_REQUIREMENT_
When you restate the data, keep every word as it is and drop the images.

_RECORDS FOR PROCESSING_
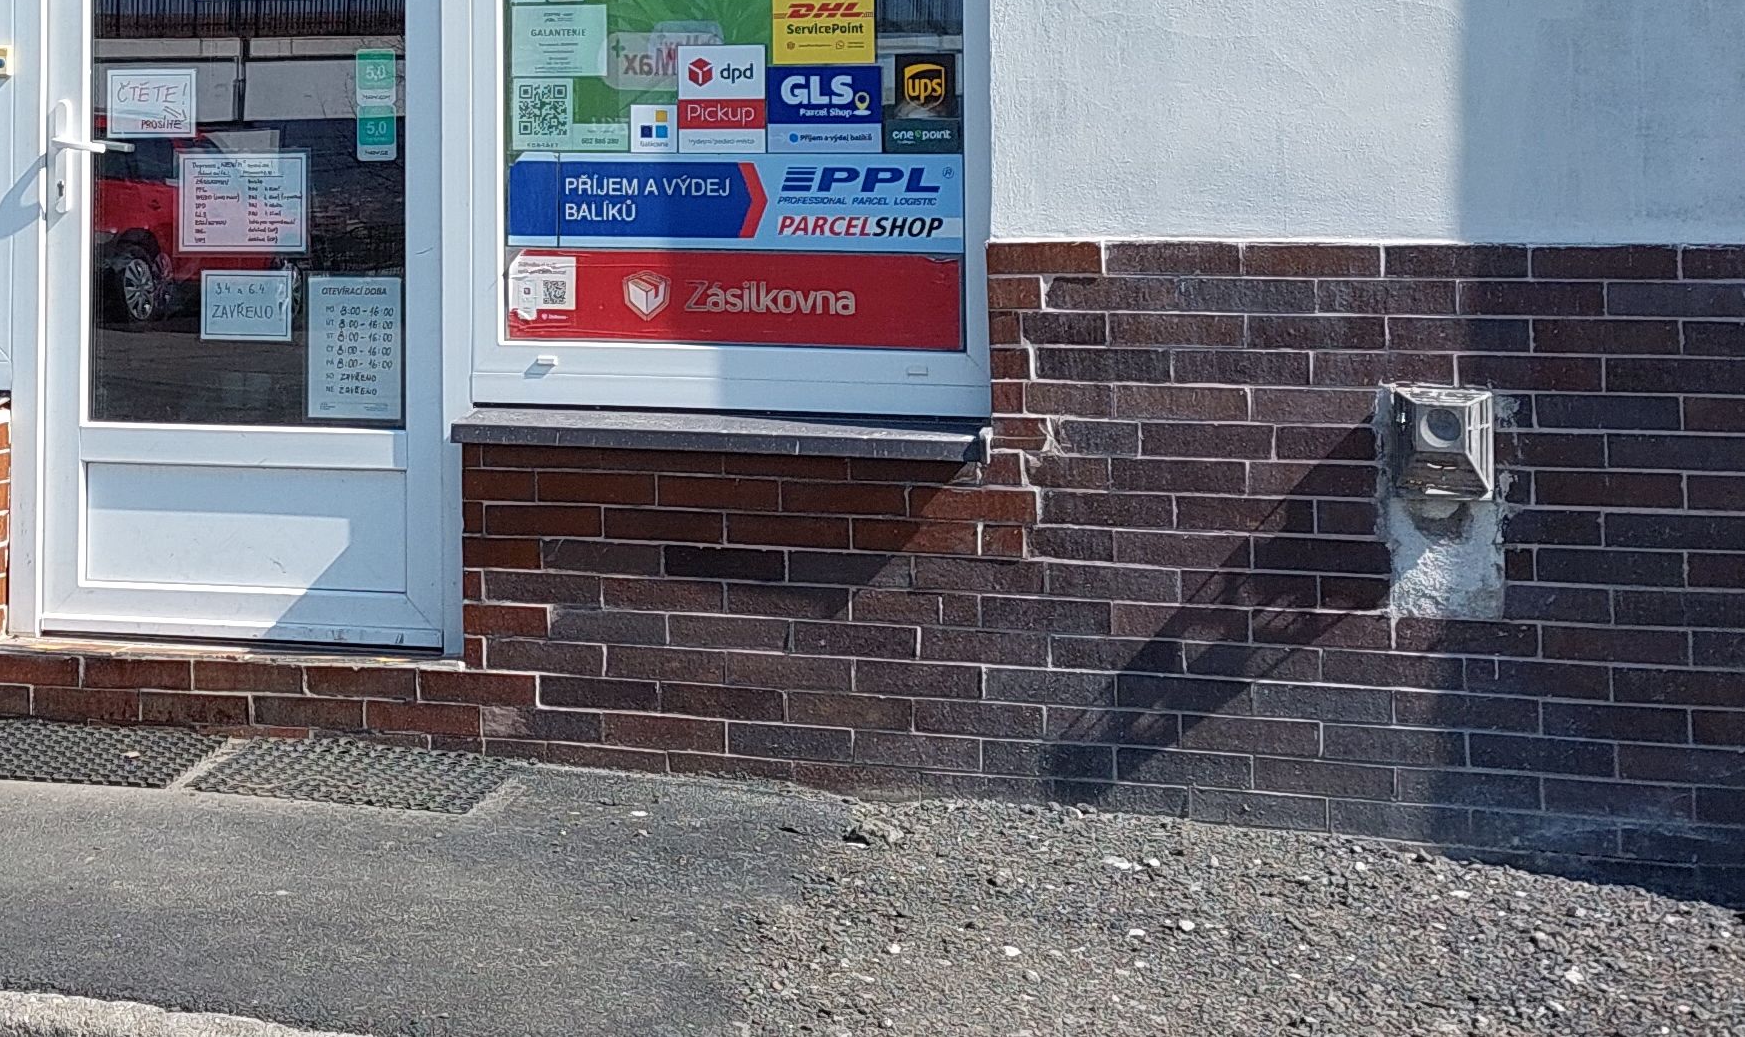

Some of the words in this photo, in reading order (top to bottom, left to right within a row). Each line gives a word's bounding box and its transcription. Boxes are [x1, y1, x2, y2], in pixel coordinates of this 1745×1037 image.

[787, 3, 863, 18] DHL
[531, 29, 587, 37] GALANTERIE
[787, 23, 864, 35] ServicePoint
[720, 63, 754, 83] dpd
[780, 75, 854, 104] GLS
[907, 79, 942, 102] ups
[687, 104, 755, 126] Pickup
[800, 108, 827, 116] Parcel
[830, 108, 852, 118] Shop
[366, 121, 387, 136] 5,0
[565, 174, 638, 195] PŘÍJEM
[644, 179, 658, 195] A
[663, 175, 730, 196] VÝDEJ
[817, 167, 941, 193] PPL
[565, 200, 636, 221] BALÍKŮ
[777, 196, 847, 205] PROFESSIONAL
[852, 197, 889, 205] PARCEL
[894, 198, 937, 206] LOGISTIC
[778, 216, 943, 238] PARCELSHOP
[322, 286, 363, 295] OTEVÍRACÍ
[365, 287, 387, 295] DOBA
[685, 280, 856, 315] Zásilkovna

_OUTPUT FOR THIS EXERCISE_
Some of the words in this photo, in reading order (top to bottom, left to right within a row). Each line gives a word's bounding box and its transcription. Boxes are [x1, y1, x2, y2], in pixel coordinates of this 1745×1037 image.

[787, 3, 863, 18] DHL
[531, 29, 587, 37] GALANTERIE
[787, 23, 864, 35] ServicePoint
[720, 63, 754, 83] dpd
[780, 75, 854, 104] GLS
[907, 79, 942, 102] ups
[687, 104, 755, 126] Pickup
[800, 108, 827, 116] Parcel
[830, 108, 852, 118] Shop
[366, 121, 387, 136] 5,0
[565, 174, 638, 195] PŘÍJEM
[644, 179, 658, 195] A
[663, 175, 730, 196] VÝDEJ
[817, 167, 941, 193] PPL
[565, 200, 636, 221] BALÍKŮ
[777, 196, 847, 205] PROFESSIONAL
[852, 197, 889, 205] PARCEL
[894, 198, 937, 206] LOGISTIC
[778, 216, 943, 238] PARCELSHOP
[322, 286, 363, 295] OTEVÍRACÍ
[365, 287, 387, 295] DOBA
[685, 280, 856, 315] Zásilkovna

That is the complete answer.